• _To do_: Every entry should be returned unchanged, with the pictures omitted.

• _Data provided_:
--------
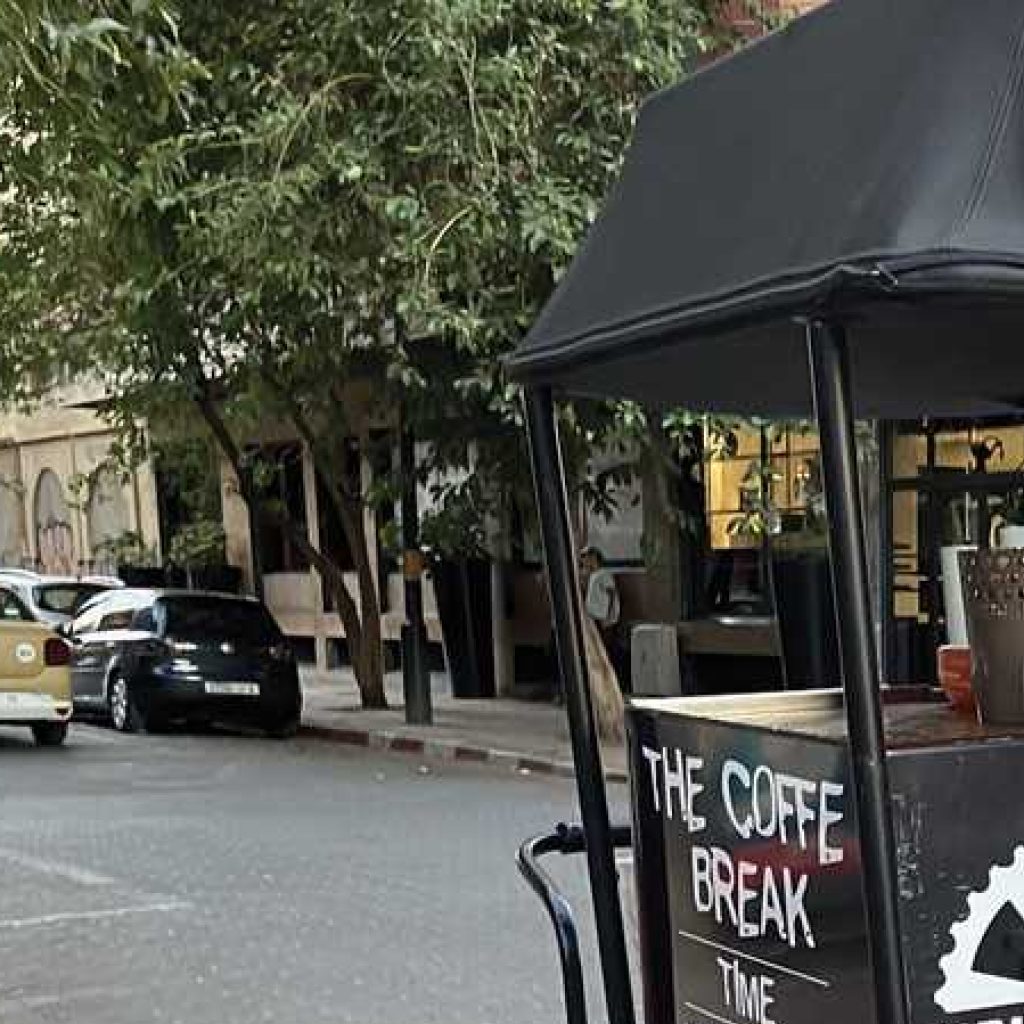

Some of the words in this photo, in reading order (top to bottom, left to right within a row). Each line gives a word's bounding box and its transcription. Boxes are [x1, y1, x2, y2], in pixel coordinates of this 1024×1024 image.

[641, 744, 707, 833] THE
[721, 759, 844, 866] COFFE
[691, 845, 817, 949] BREAK
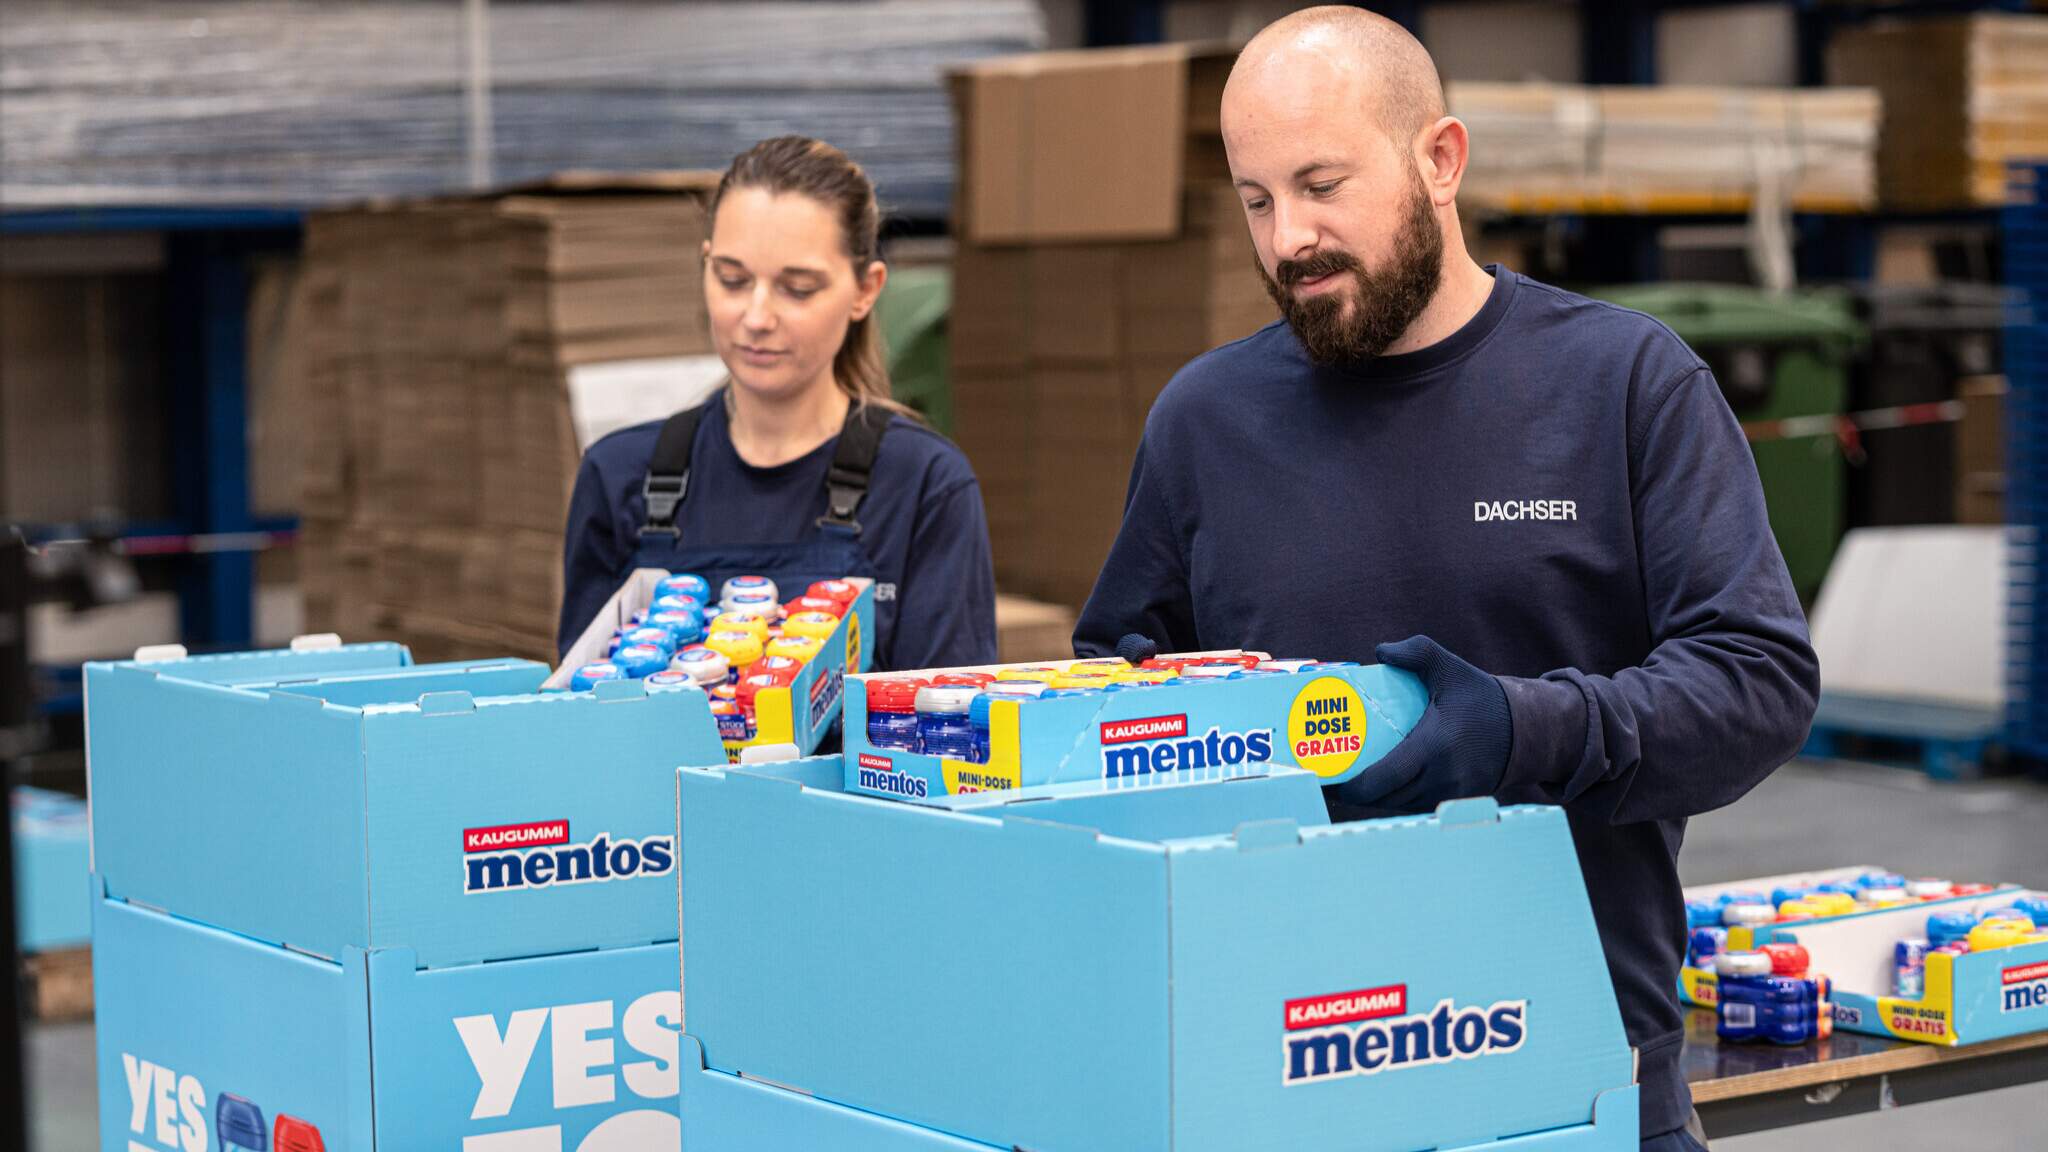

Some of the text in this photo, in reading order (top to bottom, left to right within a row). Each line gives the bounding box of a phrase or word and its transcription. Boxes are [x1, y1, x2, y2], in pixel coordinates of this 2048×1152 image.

[1474, 499, 1578, 522] DACHSER
[1306, 696, 1348, 716] MINI
[1104, 719, 1182, 740] KAUGUMMI
[1305, 717, 1350, 737] DOSE
[1104, 728, 1272, 779] mentos
[1295, 735, 1361, 758] GRATIS
[859, 767, 927, 798] mentos
[957, 771, 1012, 790] MINI-DOSE
[467, 824, 564, 848] KAUGUMMI
[466, 836, 673, 891] mentos
[1289, 991, 1402, 1024] KAUGUMMI
[1892, 1016, 1946, 1036] GRATIS
[1287, 1003, 1523, 1081] mentos
[452, 990, 681, 1121] YES
[121, 1052, 208, 1151] YES
--------
• _Response to the exercise_:
Some of the words in this photo, in reading order (top to bottom, left to right within a row). Each line gives a word's bounding box and its transcription. Boxes are [x1, y1, x2, y2], in pixel coordinates of this 1024×1024 image.

[641, 744, 707, 833] THE
[721, 759, 844, 866] COFFE
[691, 845, 817, 949] BREAK

Some of the text in this photo, in reading order (top to bottom, left to right within a row). Each line gives the bounding box of a phrase or word and its transcription. Boxes are [x1, y1, x2, y2], in pixel coordinates of this 2048×1152 image.

[1474, 499, 1578, 522] DACHSER
[1306, 696, 1348, 716] MINI
[1104, 719, 1182, 740] KAUGUMMI
[1305, 717, 1350, 737] DOSE
[1104, 728, 1272, 779] mentos
[1295, 735, 1361, 758] GRATIS
[859, 767, 927, 798] mentos
[957, 771, 1012, 790] MINI-DOSE
[467, 824, 564, 848] KAUGUMMI
[466, 836, 673, 891] mentos
[1289, 991, 1402, 1024] KAUGUMMI
[1892, 1016, 1946, 1036] GRATIS
[1287, 1003, 1523, 1081] mentos
[452, 990, 681, 1121] YES
[121, 1052, 208, 1151] YES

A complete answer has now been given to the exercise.